Sidenote: OMG, did anyone see Gossip Girl tonight?

March 12th, 2009

Natasha Khan is Amazing!

Any gal bold enough to devote her entire record album to her undying love of

Daniel LaRusso = INSTA BESTIE.

March 3rd, 2009

The DeFranco Family Will Melt Yr Discopop Face!

Sis Teet’s newest (ye olde) musical obsesh.

Bellbottoms fer days!

February 27th, 2009

Go Team!

I saw this on Jessica’s blog and totes think its amazing!

February 16th, 2009

The Febbie Awards!

Since blog crazy Sis Teet is on semi-lifelong vision quest in Mexico with limited internetz access, we have asked her wordsmith bestie, SB, to bust out a few top notch posts. Ladydude is a literary visionary and her written word has made us tinkle our dark denims on more occasions than we feel comfortable publicly counting. That said, get into it!

The Febbies!

Yes, it’s February, a traditionally miserable 28 days (or 29, should the year leap) filled with bad weather, stale Russell Stover candies filled with mystery nougat, and that annoying silent R. In order to keep spirits up, I’ve decided to start the Febbie Awards, which are imaginary lavender gold award statues, shaped like the “check tire light” on my dashboard that won’t go off, that also come with a cash prize of $1.3 million spacebucks. So let’s congratulate our winners, who have done their part to make my February just slightly less excruciating. Kudos!


Best food: Life Cereal - Maple and Brown Sugar flavor

Let’s say, if you had your druthers, every day would begin with a giant breakfast featuring waffles covered in fresh fruit and the maple syrup (the good Vermont grade A stuff, not flavored brown sticky stuff in a bottle shaped like a maid), scrambled egg whites n’turkey sausage (protein is important and stuff!), fresh juice, and a tasteful bouquet in a delicate glass vase, all served by a nice gentleman who smells like Irish Spring, can make waffles, and knows how to fix the tire light problem in your stupid car.
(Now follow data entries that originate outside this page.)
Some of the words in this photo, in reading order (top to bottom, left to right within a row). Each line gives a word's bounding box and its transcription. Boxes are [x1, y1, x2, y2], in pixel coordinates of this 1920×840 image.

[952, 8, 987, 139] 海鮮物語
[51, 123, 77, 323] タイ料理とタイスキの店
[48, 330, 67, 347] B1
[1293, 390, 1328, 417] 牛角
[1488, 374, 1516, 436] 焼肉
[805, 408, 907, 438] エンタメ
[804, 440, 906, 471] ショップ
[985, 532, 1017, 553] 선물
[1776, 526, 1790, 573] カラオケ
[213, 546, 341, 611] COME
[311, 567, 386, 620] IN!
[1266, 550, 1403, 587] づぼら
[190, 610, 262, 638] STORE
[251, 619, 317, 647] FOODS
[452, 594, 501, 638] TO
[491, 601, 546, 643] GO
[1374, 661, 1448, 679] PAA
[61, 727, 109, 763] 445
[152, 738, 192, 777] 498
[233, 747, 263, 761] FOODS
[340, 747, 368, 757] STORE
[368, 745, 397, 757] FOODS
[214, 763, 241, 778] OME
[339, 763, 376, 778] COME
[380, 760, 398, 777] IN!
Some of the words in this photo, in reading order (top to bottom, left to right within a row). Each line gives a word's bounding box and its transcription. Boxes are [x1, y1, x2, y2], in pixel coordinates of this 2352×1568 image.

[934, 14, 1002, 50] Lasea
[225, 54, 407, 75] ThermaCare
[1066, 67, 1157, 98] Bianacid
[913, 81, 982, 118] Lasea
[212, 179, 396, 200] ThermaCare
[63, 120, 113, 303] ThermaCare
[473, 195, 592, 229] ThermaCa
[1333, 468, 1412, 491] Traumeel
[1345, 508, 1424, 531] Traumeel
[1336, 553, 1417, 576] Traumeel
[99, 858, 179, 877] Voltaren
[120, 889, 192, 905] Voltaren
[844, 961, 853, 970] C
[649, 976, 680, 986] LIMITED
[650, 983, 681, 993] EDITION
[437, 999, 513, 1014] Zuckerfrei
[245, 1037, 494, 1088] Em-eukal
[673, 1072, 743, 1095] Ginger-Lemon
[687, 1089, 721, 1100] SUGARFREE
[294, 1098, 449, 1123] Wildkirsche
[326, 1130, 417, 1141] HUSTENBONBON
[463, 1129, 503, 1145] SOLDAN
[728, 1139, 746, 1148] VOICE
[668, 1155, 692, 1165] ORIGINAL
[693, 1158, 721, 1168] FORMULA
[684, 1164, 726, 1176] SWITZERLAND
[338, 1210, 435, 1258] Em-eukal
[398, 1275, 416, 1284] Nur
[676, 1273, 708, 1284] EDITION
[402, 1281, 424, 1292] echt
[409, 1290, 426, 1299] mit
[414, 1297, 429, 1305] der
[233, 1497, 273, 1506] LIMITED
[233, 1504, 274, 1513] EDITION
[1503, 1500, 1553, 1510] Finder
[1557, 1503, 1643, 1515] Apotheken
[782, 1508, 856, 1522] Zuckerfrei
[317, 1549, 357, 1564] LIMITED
Now, let’s say that in real life you have an enormous Amex bill, are as single as a dollar bill, and are one waffle away from having to go back to your fat pants. Luckily for you, a bowl of Maple and Brown Sugar Life cereal is as close to that dream breakfast as you’re gonna get, and since it basically tastes like a pile of pigmy waffles, it’s pretty f’n excellent. Tastes good in almond milk (mixed with tears).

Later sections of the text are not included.